Ternyata di sini sistem menjual hasil tani dan uangnya digunakan untuk membeli kebutuhan yang lain adalah hal biasa. Aku tersenyum melihatnya. Mirip dengan sistem barter namun nilai dari satuan barang jelas sehingga tidak ada pihak yang dirugikan.
Aku memandangi kegiatan ini dari jauh.
           
“Tadi beli apa aja bulek?”
“nih ada nasi gudang buat sarapan,ada ketan,sama sayuran buat di masak,sama tempe juga”.
Nasi gudang ini menurutku salah satu makanan khas,aku tak mampu menemukannya di Bandung. Setiap ada di desa aku bisa merasakan makanan ini. Di bungkus daun pepaya berisikan sedikit nasi,urap-urap dari dedaunan,tempe,tahu,dan telur puyuh rebus. Hanya dengan seribu rupiah kita dapat merasakan makanan ini. Sungguh harga yang sangat terjangkau untuk sebungkus nasi. Saat memakan nasi gudang aku sering memisahkan sebagian urap-urap karena aku tidak menyukainya. Diantara dedeaunan di urap tersebut terdapat daun yang hanya dapat ditemukan di sini daun adas namanya.
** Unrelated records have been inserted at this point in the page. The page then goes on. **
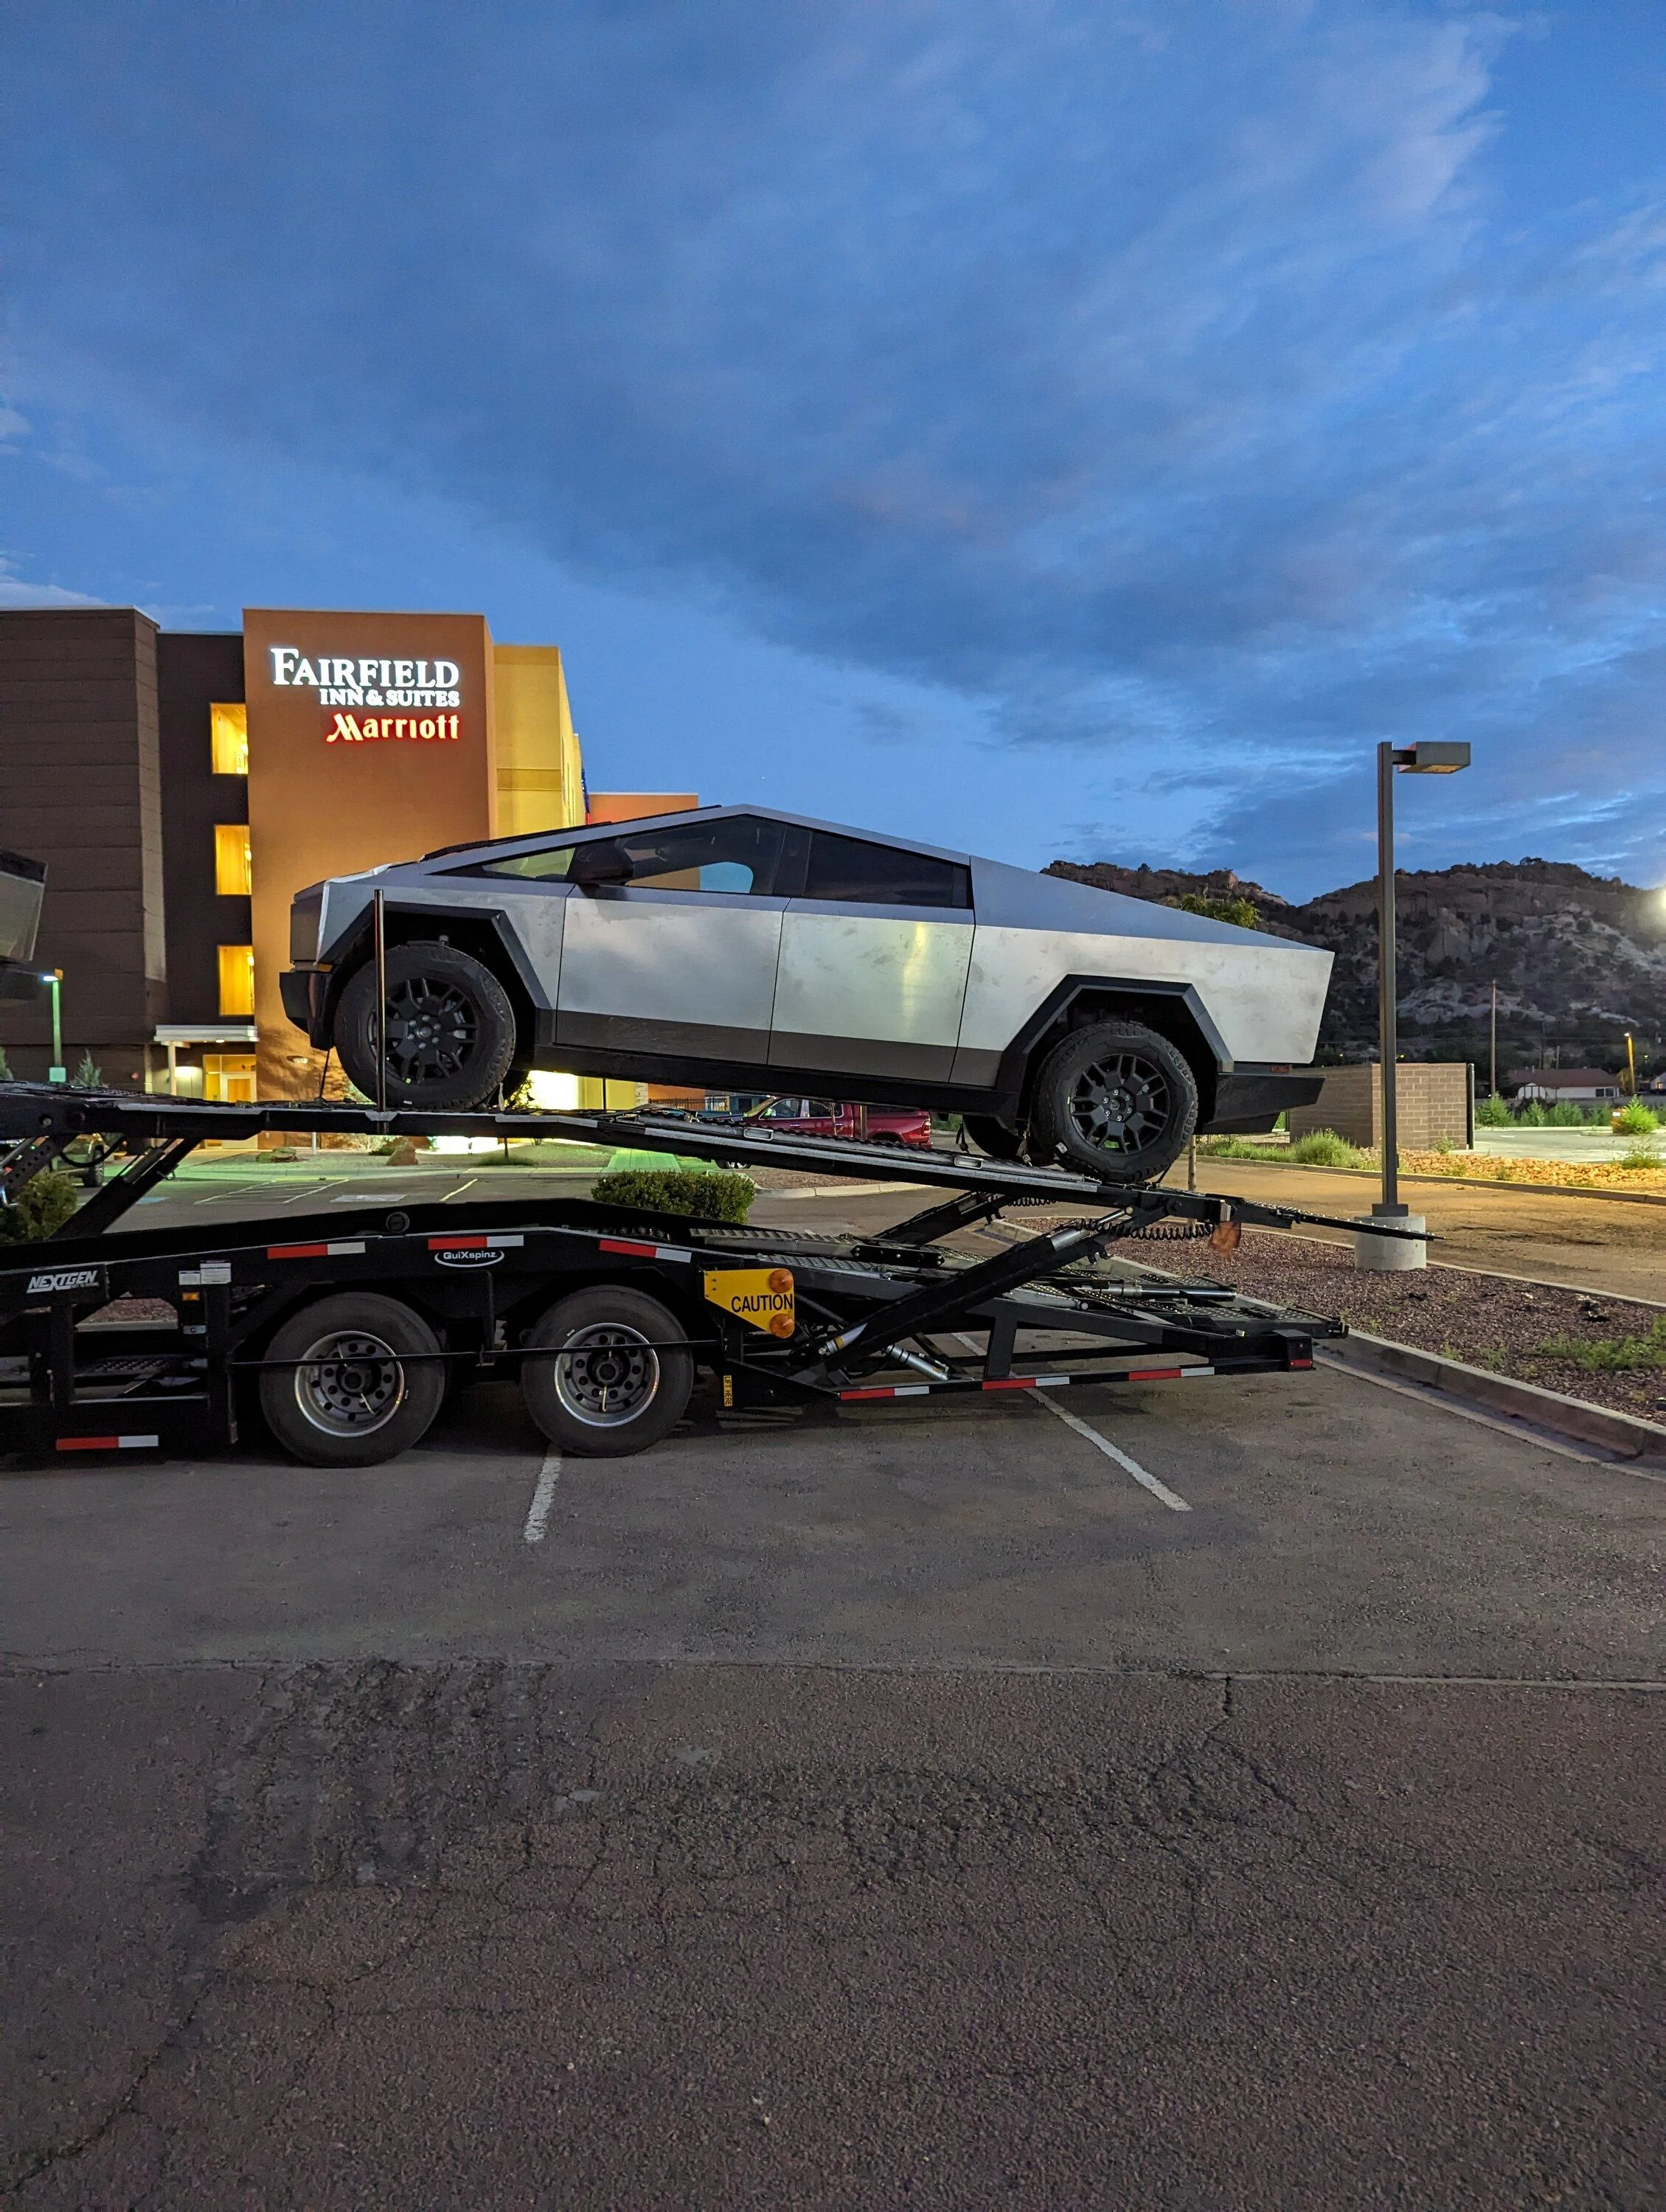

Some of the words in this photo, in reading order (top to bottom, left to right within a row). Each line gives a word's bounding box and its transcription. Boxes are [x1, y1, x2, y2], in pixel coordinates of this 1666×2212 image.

[271, 648, 459, 690] FAIRFIELD
[319, 689, 364, 706] INN
[366, 689, 384, 706] &
[386, 689, 460, 707] SUITES
[326, 713, 459, 742] Marriott
[443, 1251, 496, 1261] QuiXspinz
[27, 1270, 98, 1293] NEXTGEN
[731, 1294, 794, 1312] CAUTION
Bulek tadi membeli tempe,salah satu favoritku. Tempe di desa berbeda rasanya dengan yang sering mama beli di Bandung. Kacang kedelai sebagai bahan utama hanya dicampur ragi saja tanpa campuran lain. Aku masih bisa melihat butiran-butiran utuh kedelai. Sedangkan di Bandung banyak yang mencampurnya dengan jagung sehingga membuat rasanya berbeda. Bahkan ada yang menggunakan air sungai yang tidak bersih untuk mencuci dan merendam kedelai. Sungguh merusak kelezatan rasa tempe. Tempe si makanan murah dan bergizi yang mudah dijumpai di Indonesia.
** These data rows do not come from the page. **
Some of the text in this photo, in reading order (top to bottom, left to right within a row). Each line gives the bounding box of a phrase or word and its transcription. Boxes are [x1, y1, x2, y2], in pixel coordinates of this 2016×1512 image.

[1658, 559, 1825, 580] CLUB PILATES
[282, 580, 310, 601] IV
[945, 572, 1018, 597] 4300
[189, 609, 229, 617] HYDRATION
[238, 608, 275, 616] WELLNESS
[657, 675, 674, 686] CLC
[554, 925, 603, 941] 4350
            Sudah dua minggu aku berada di dukuh Kadirejo ini. Kegiatan membantu pekerjaan rumah tangga menjadi kebiasaan. Sembari melamar pekerjaan di sekitar Boyolali termasuk kota Solo. Pantas saja banyak orang desa pindah ke kota untuk mendapat kerja. Di sini dari lebih dari 12 lamaran pekerjaan yang aku masukkan,dan beberapa sudah interview tak ada yang deal menjadi pekerjaanku. Aku cari info di koran dan internet namun tak sebanyak di kota besar lapangan pekerjaan yang tersedia.
            Pagi hari ini ada kegiatan berbeda yang kulakukan. Mengantar beras dan hasil tani lainnya dalam bakul kepada pasangan baru yang mengadakan hajatan. Tradisi disini yang dinamakan nyumbang. Biasanya aku menghadiri pesta pernikahan dengan pakaian rapi lalu memberi amplop berisi uang. Disini warga pakai baju sekenanya bahkan ada yang masih pakai baju tani datang pagi-pagi ke tempat hajat dengan membawa sebakul sumbangan. Sang punya hajat akan mengisi kembali bakul itu dengan makanan yang disediakan. Aku melihat isinya ada 2 tandu pisang,dan jenang.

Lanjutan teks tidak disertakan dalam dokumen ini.